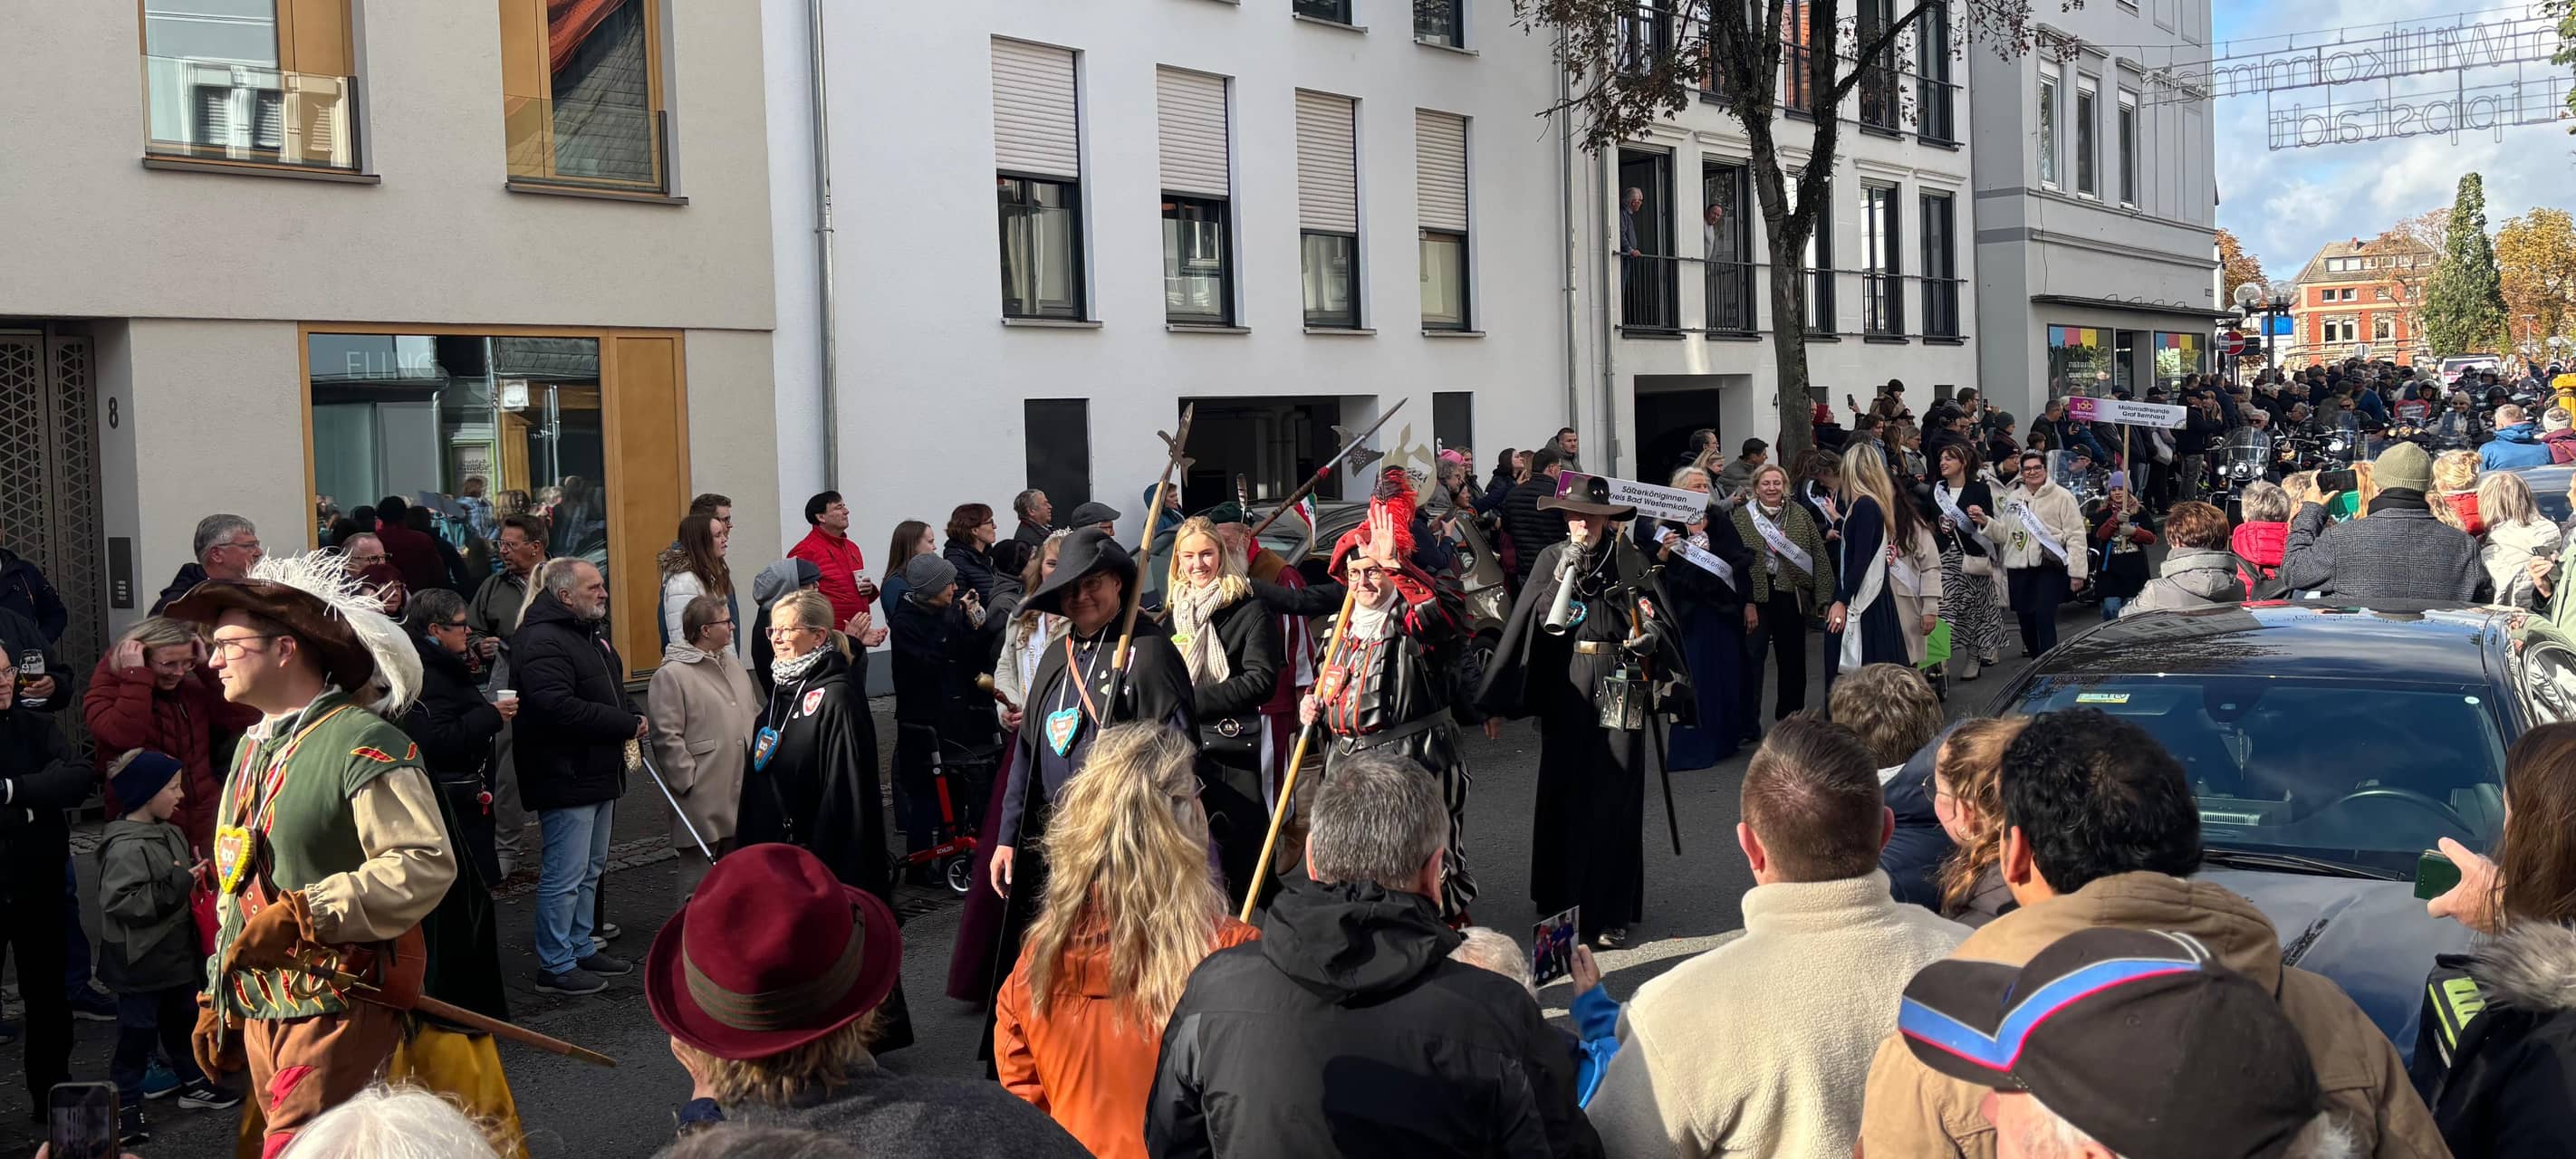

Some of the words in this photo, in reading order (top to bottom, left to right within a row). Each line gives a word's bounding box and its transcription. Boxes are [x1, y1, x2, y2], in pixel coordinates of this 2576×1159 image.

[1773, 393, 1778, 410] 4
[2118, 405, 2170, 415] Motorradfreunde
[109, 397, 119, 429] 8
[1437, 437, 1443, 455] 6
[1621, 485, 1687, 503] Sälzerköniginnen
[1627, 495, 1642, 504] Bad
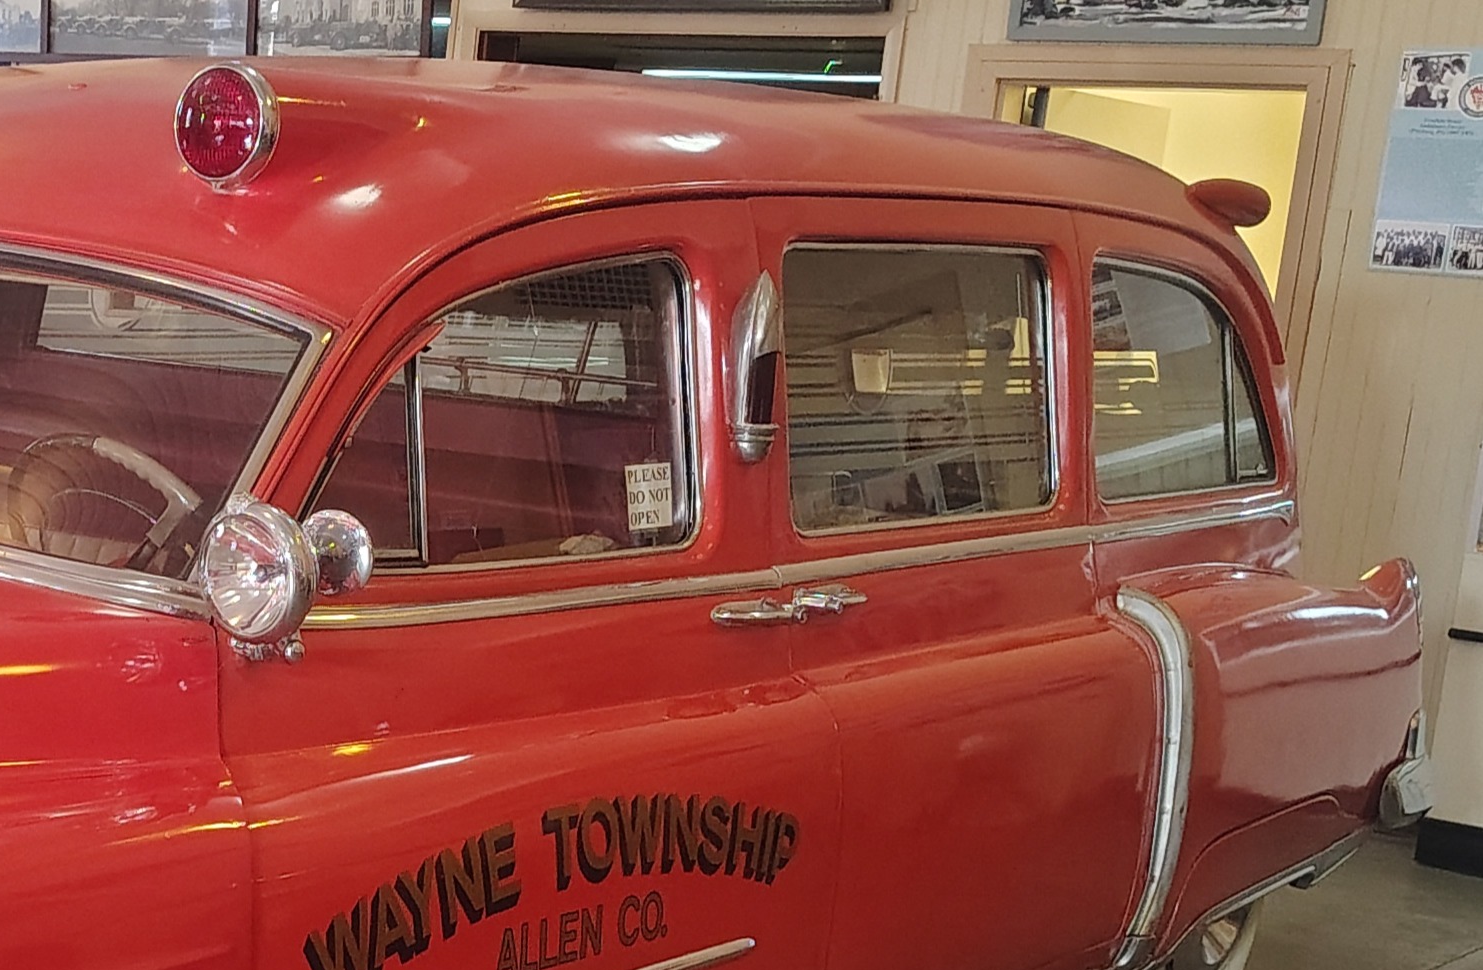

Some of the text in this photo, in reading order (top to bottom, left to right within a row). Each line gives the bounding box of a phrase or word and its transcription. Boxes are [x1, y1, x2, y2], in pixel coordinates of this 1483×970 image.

=-=-=

Without the images, write out all of the records exactly.

Some of the words in this photo, in reading order (top to bottom, left to right within a row). Each line gives a word's bounding box and its transcription. Boxes are [x1, y1, x2, y2], in pixel coordinates of this 2576×1159 image.

[1773, 393, 1778, 410] 4
[2118, 405, 2170, 415] Motorradfreunde
[109, 397, 119, 429] 8
[1437, 437, 1443, 455] 6
[1621, 485, 1687, 503] Sälzerköniginnen
[1627, 495, 1642, 504] Bad

Some of the text in this photo, in reading order (top to bottom, left to right within a row). Each line gives the bounding box of a phrase or word and its transcription. Boxes are [x1, y1, x2, y2], in pixel coordinates of this 1483×970 image.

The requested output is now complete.